### To do:
In the material below, find every line containing "ПРИРОСТ" and copy that line.

### Extracted material:
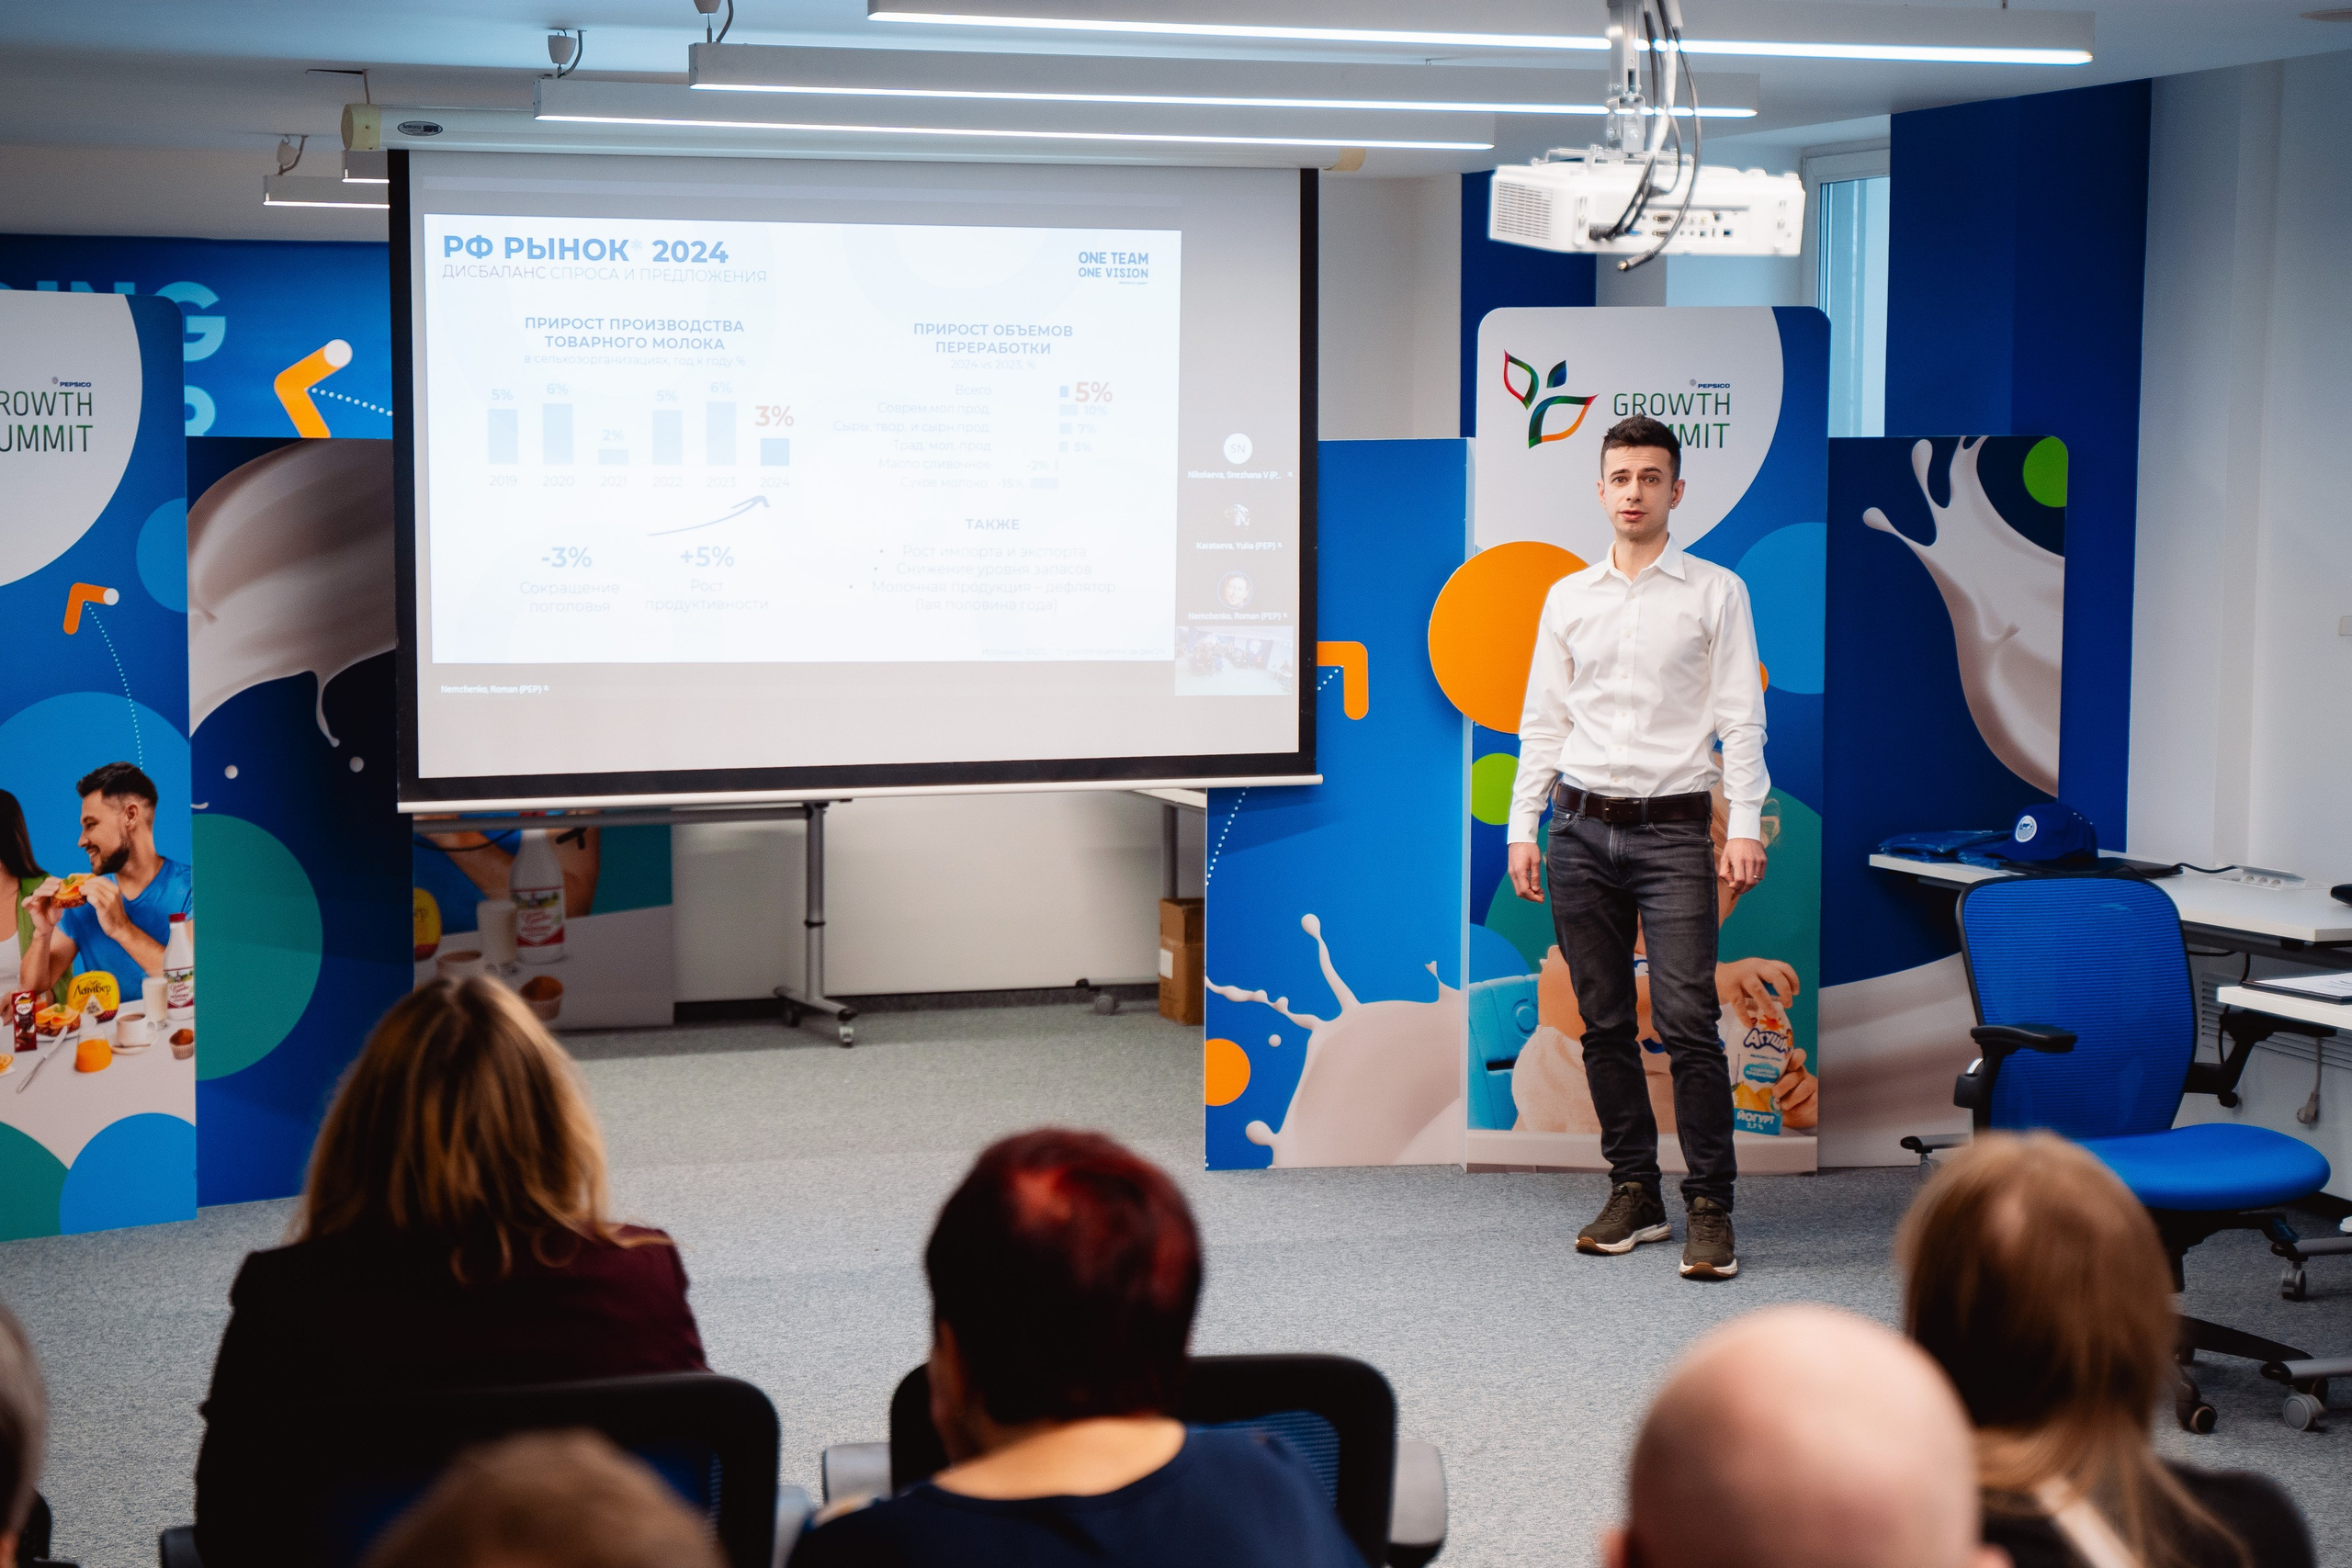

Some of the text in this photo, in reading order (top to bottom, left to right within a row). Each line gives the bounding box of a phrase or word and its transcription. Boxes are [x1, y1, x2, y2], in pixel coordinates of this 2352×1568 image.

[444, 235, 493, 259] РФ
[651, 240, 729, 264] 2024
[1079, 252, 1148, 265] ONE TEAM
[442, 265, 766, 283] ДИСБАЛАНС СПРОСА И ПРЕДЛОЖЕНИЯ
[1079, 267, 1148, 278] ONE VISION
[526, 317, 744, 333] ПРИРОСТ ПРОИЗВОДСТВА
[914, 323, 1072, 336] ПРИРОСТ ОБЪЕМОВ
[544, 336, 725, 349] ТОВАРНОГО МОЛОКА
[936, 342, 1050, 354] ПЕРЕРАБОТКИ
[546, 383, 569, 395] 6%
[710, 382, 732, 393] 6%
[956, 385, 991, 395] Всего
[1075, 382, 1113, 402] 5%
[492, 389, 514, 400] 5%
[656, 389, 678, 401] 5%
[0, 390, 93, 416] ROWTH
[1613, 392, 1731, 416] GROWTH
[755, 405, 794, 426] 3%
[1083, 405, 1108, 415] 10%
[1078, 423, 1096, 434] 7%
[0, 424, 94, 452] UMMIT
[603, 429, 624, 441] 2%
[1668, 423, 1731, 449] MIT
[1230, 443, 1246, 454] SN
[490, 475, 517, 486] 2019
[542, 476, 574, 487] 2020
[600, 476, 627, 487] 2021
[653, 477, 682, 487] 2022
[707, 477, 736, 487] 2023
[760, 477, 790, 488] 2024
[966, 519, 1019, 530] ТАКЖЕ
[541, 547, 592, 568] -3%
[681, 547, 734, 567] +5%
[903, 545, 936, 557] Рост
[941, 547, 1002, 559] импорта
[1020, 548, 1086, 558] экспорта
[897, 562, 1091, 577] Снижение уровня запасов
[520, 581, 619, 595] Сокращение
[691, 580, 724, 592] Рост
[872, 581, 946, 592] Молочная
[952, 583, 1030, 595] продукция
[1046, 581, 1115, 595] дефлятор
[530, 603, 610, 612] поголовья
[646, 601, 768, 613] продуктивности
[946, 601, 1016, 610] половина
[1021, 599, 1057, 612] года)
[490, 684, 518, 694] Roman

### Exercise response:
[526, 317, 744, 333] ПРИРОСТ ПРОИЗВОДСТВА
[914, 323, 1072, 336] ПРИРОСТ ОБЪЕМОВ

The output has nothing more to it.